- [Task to complete] Down to the last line, print the entries below exactly, and keep every picture out of the copy.

--- Data provided ---

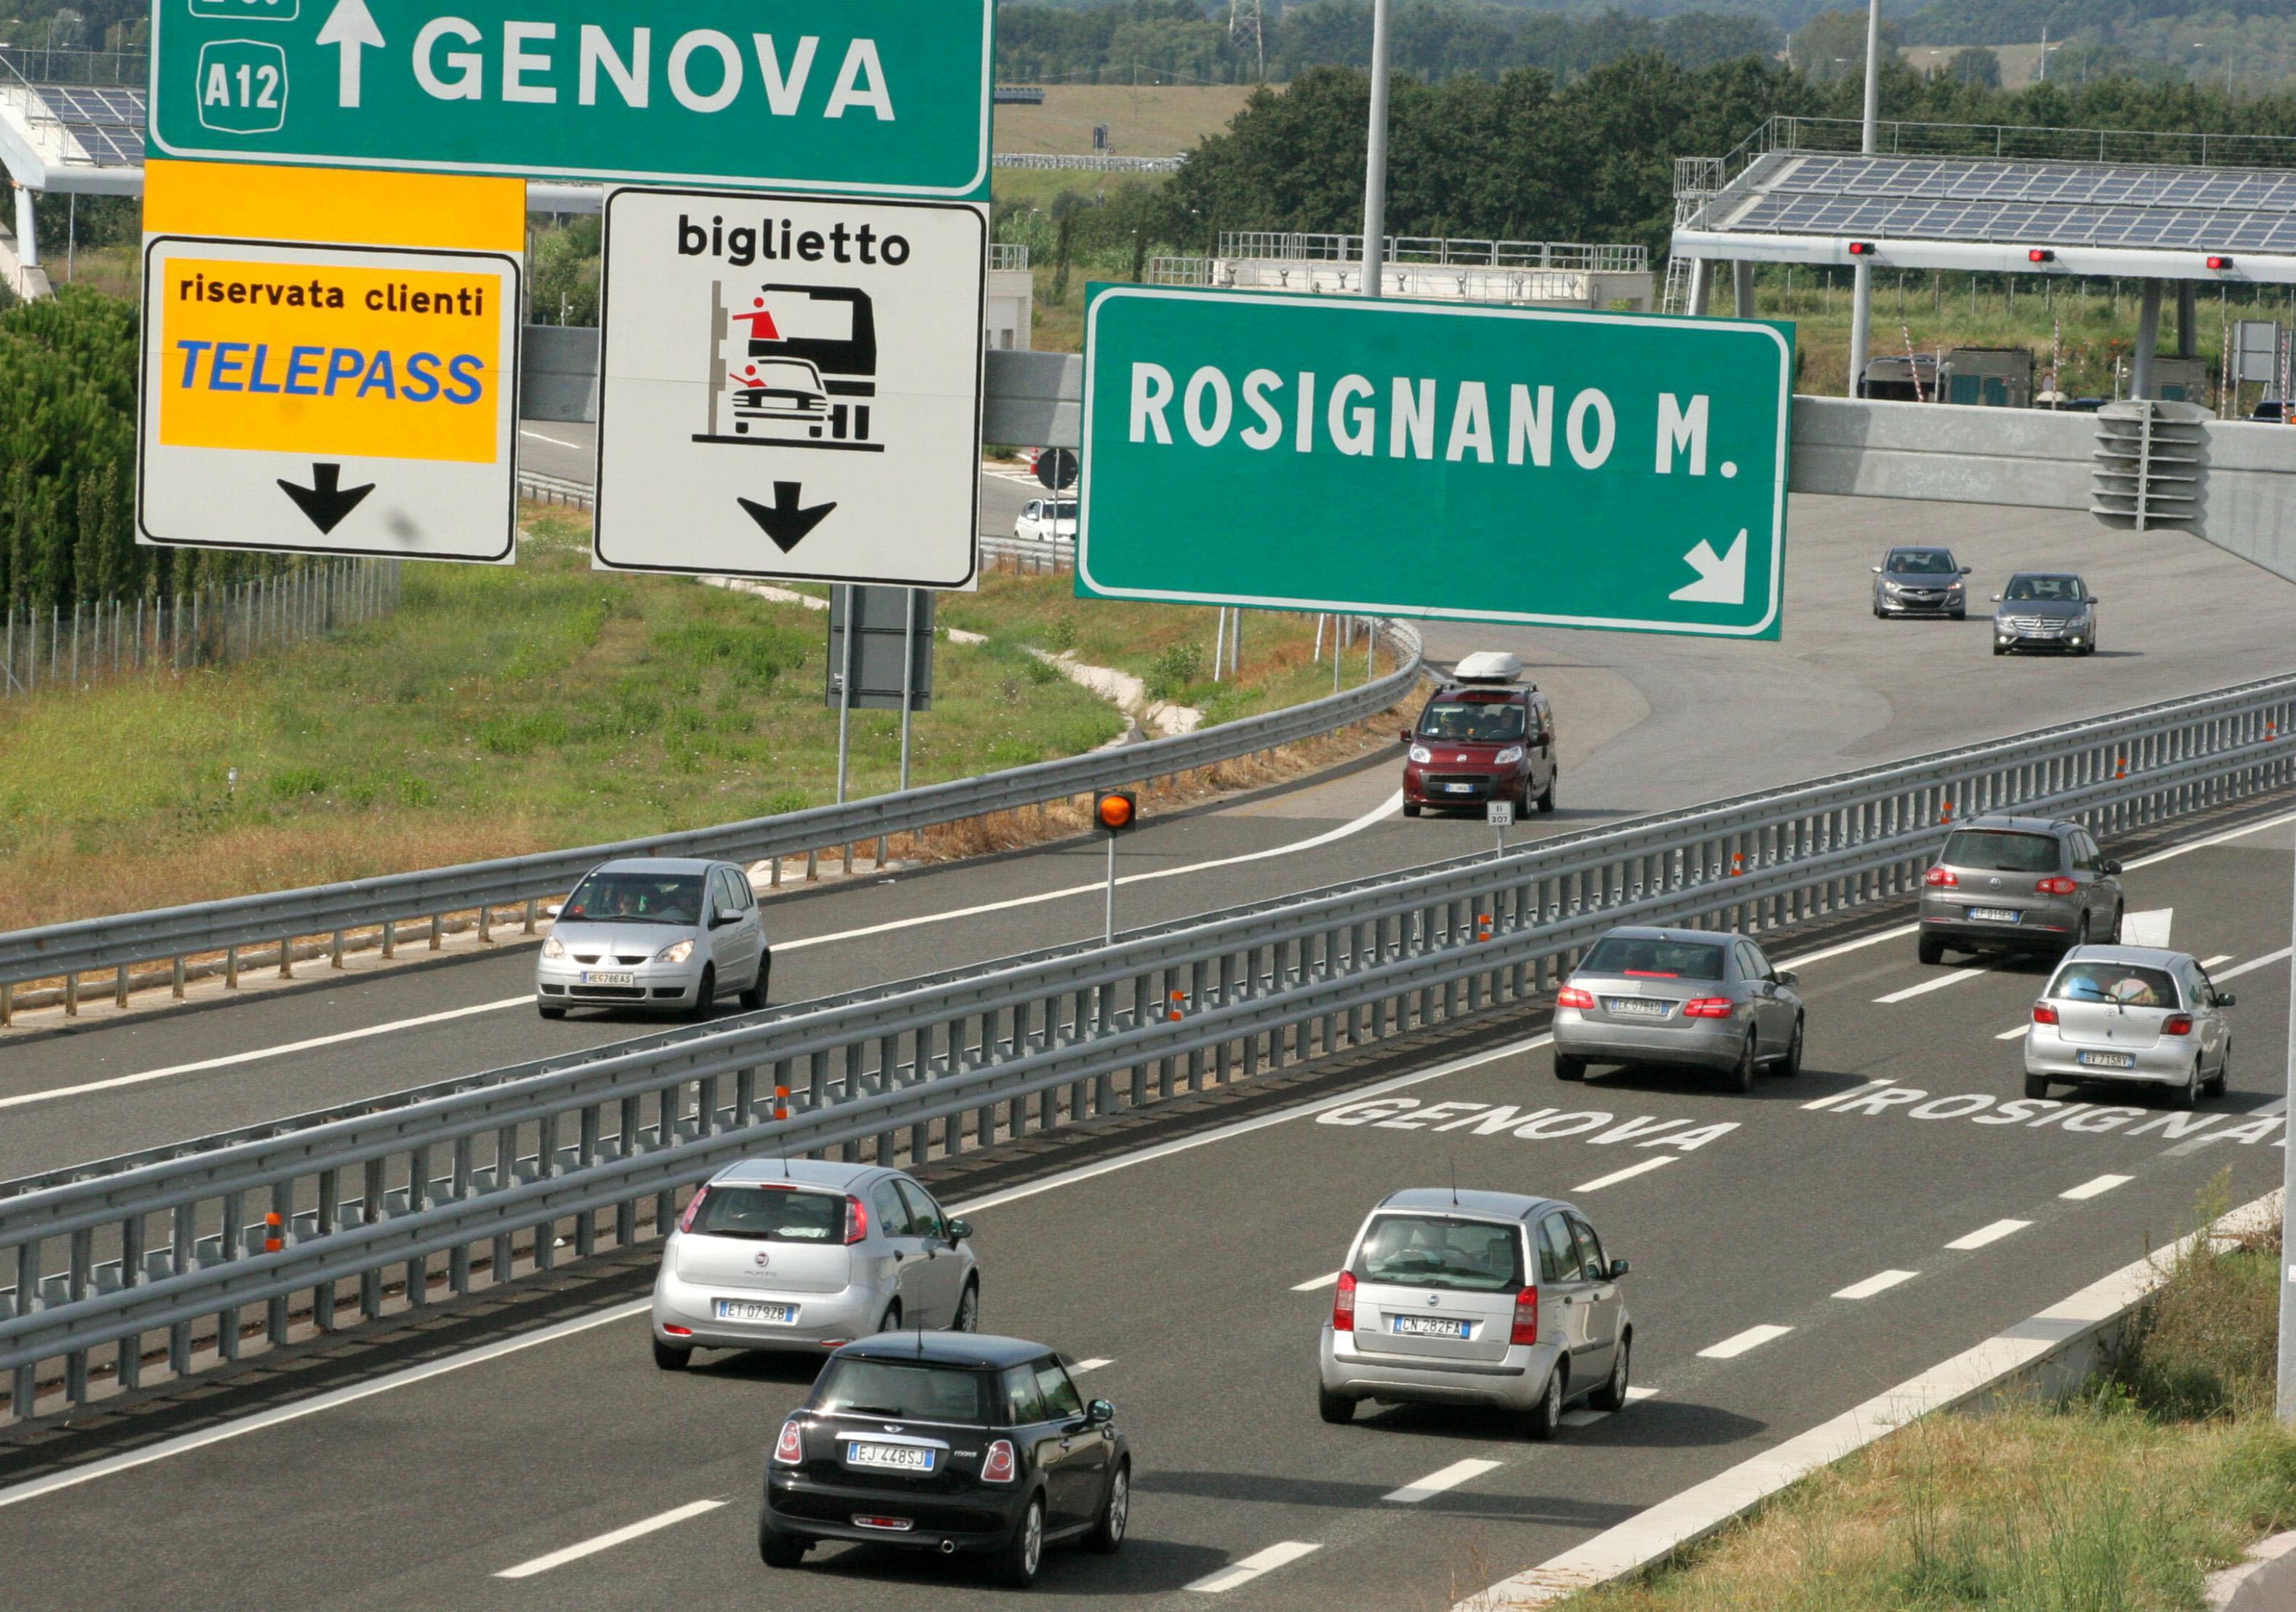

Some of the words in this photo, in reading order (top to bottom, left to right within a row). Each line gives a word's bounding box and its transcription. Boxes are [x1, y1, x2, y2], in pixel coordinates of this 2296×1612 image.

[205, 63, 279, 108] A12
[412, 16, 895, 121] GENOVA
[678, 215, 910, 266] biglietto
[180, 273, 345, 309] riservata
[365, 283, 483, 316] clienti
[177, 340, 484, 405] TELEPASS
[1129, 362, 1616, 470] ROSIGNANO
[1655, 392, 1738, 478] M.
[1315, 1098, 1742, 1150] GENOVA
[1827, 1088, 2287, 1147] ROSIGNA
[728, 1303, 741, 1316] ET
[1402, 1317, 1418, 1331] CN
[859, 1445, 874, 1461] EJ
[881, 1447, 924, 1465] 448SJ

---

- [Response]
Some of the words in this photo, in reading order (top to bottom, left to right within a row). Each line gives a word's bounding box and its transcription. Boxes are [x1, y1, x2, y2], in pixel coordinates of this 2296×1612 image.

[205, 63, 279, 108] A12
[412, 16, 895, 121] GENOVA
[678, 215, 910, 266] biglietto
[180, 273, 345, 309] riservata
[365, 283, 483, 316] clienti
[177, 340, 484, 405] TELEPASS
[1129, 362, 1616, 470] ROSIGNANO
[1655, 392, 1738, 478] M.
[1315, 1098, 1742, 1150] GENOVA
[1827, 1088, 2287, 1147] ROSIGNA
[728, 1303, 741, 1316] ET
[1402, 1317, 1418, 1331] CN
[859, 1445, 874, 1461] EJ
[881, 1447, 924, 1465] 448SJ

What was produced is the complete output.